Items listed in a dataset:
------------------------

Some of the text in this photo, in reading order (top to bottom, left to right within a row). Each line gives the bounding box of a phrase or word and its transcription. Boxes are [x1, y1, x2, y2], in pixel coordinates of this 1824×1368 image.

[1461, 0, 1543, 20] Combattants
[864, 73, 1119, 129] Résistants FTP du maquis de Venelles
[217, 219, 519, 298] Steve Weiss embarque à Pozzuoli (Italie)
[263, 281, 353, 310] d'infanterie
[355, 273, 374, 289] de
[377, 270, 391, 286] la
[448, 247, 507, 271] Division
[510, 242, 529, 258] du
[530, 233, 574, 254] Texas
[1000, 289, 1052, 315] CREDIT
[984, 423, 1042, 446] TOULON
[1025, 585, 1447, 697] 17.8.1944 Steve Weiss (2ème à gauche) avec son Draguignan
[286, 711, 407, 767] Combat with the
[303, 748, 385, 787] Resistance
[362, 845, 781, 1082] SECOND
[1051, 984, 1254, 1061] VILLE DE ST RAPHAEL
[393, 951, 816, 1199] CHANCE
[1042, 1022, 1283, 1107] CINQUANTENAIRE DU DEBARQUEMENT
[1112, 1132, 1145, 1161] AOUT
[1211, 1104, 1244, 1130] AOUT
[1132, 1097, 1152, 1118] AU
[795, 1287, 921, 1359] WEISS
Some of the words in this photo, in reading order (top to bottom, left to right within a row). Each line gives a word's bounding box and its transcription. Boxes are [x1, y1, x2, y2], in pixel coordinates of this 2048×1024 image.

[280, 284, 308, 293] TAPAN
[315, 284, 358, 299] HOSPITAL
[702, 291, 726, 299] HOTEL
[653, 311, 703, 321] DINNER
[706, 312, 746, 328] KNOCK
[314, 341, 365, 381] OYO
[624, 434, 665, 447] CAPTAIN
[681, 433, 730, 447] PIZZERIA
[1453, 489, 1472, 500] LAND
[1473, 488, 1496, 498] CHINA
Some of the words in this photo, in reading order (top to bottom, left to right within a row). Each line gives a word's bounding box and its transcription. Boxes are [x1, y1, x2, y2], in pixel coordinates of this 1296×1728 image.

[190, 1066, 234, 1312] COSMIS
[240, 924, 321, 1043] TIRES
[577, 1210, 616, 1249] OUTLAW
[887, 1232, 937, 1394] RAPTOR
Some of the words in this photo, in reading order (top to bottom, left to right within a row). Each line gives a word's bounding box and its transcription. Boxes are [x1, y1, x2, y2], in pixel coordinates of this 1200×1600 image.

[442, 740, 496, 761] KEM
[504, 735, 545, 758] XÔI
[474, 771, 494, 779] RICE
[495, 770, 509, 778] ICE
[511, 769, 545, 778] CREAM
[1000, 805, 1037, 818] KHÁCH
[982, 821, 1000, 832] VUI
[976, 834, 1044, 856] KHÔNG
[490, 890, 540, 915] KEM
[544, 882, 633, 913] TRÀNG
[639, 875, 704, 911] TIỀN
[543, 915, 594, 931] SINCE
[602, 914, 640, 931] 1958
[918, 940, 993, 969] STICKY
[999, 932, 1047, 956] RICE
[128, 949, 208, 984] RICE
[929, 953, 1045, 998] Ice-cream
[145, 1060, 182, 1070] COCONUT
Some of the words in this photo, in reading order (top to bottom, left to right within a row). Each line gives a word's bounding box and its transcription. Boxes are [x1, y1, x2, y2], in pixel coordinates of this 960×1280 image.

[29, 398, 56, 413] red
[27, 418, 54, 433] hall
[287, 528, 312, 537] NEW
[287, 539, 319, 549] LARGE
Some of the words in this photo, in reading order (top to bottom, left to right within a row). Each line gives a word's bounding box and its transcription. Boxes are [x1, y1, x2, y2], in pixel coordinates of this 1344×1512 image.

------------------------

What to produce: Copy every entry exactly. Leave nothing out.

Solution to the problem:
Some of the text in this photo, in reading order (top to bottom, left to right within a row). Each line gives the bounding box of a phrase or word and its transcription. Boxes are [x1, y1, x2, y2], in pixel coordinates of this 1824×1368 image.

[1461, 0, 1543, 20] Combattants
[864, 73, 1119, 129] Résistants FTP du maquis de Venelles
[217, 219, 519, 298] Steve Weiss embarque à Pozzuoli (Italie)
[263, 281, 353, 310] d'infanterie
[355, 273, 374, 289] de
[377, 270, 391, 286] la
[448, 247, 507, 271] Division
[510, 242, 529, 258] du
[530, 233, 574, 254] Texas
[1000, 289, 1052, 315] CREDIT
[984, 423, 1042, 446] TOULON
[1025, 585, 1447, 697] 17.8.1944 Steve Weiss (2ème à gauche) avec son Draguignan
[286, 711, 407, 767] Combat with the
[303, 748, 385, 787] Resistance
[362, 845, 781, 1082] SECOND
[1051, 984, 1254, 1061] VILLE DE ST RAPHAEL
[393, 951, 816, 1199] CHANCE
[1042, 1022, 1283, 1107] CINQUANTENAIRE DU DEBARQUEMENT
[1112, 1132, 1145, 1161] AOUT
[1211, 1104, 1244, 1130] AOUT
[1132, 1097, 1152, 1118] AU
[795, 1287, 921, 1359] WEISS
Some of the words in this photo, in reading order (top to bottom, left to right within a row). Each line gives a word's bounding box and its transcription. Boxes are [x1, y1, x2, y2], in pixel coordinates of this 2048×1024 image.

[280, 284, 308, 293] TAPAN
[315, 284, 358, 299] HOSPITAL
[702, 291, 726, 299] HOTEL
[653, 311, 703, 321] DINNER
[706, 312, 746, 328] KNOCK
[314, 341, 365, 381] OYO
[624, 434, 665, 447] CAPTAIN
[681, 433, 730, 447] PIZZERIA
[1453, 489, 1472, 500] LAND
[1473, 488, 1496, 498] CHINA
Some of the words in this photo, in reading order (top to bottom, left to right within a row). Each line gives a word's bounding box and its transcription. Boxes are [x1, y1, x2, y2], in pixel coordinates of this 1296×1728 image.

[190, 1066, 234, 1312] COSMIS
[240, 924, 321, 1043] TIRES
[577, 1210, 616, 1249] OUTLAW
[887, 1232, 937, 1394] RAPTOR
Some of the words in this photo, in reading order (top to bottom, left to right within a row). Each line gives a word's bounding box and its transcription. Boxes are [x1, y1, x2, y2], in pixel coordinates of this 1200×1600 image.

[442, 740, 496, 761] KEM
[504, 735, 545, 758] XÔI
[474, 771, 494, 779] RICE
[495, 770, 509, 778] ICE
[511, 769, 545, 778] CREAM
[1000, 805, 1037, 818] KHÁCH
[982, 821, 1000, 832] VUI
[976, 834, 1044, 856] KHÔNG
[490, 890, 540, 915] KEM
[544, 882, 633, 913] TRÀNG
[639, 875, 704, 911] TIỀN
[543, 915, 594, 931] SINCE
[602, 914, 640, 931] 1958
[918, 940, 993, 969] STICKY
[999, 932, 1047, 956] RICE
[128, 949, 208, 984] RICE
[929, 953, 1045, 998] Ice-cream
[145, 1060, 182, 1070] COCONUT
Some of the words in this photo, in reading order (top to bottom, left to right within a row). Each line gives a word's bounding box and its transcription. Boxes are [x1, y1, x2, y2], in pixel coordinates of this 960×1280 image.

[29, 398, 56, 413] red
[27, 418, 54, 433] hall
[287, 528, 312, 537] NEW
[287, 539, 319, 549] LARGE
Some of the words in this photo, in reading order (top to bottom, left to right within a row). Each line gives a word's bounding box and its transcription. Boxes are [x1, y1, x2, y2], in pixel coordinates of this 1344×1512 image.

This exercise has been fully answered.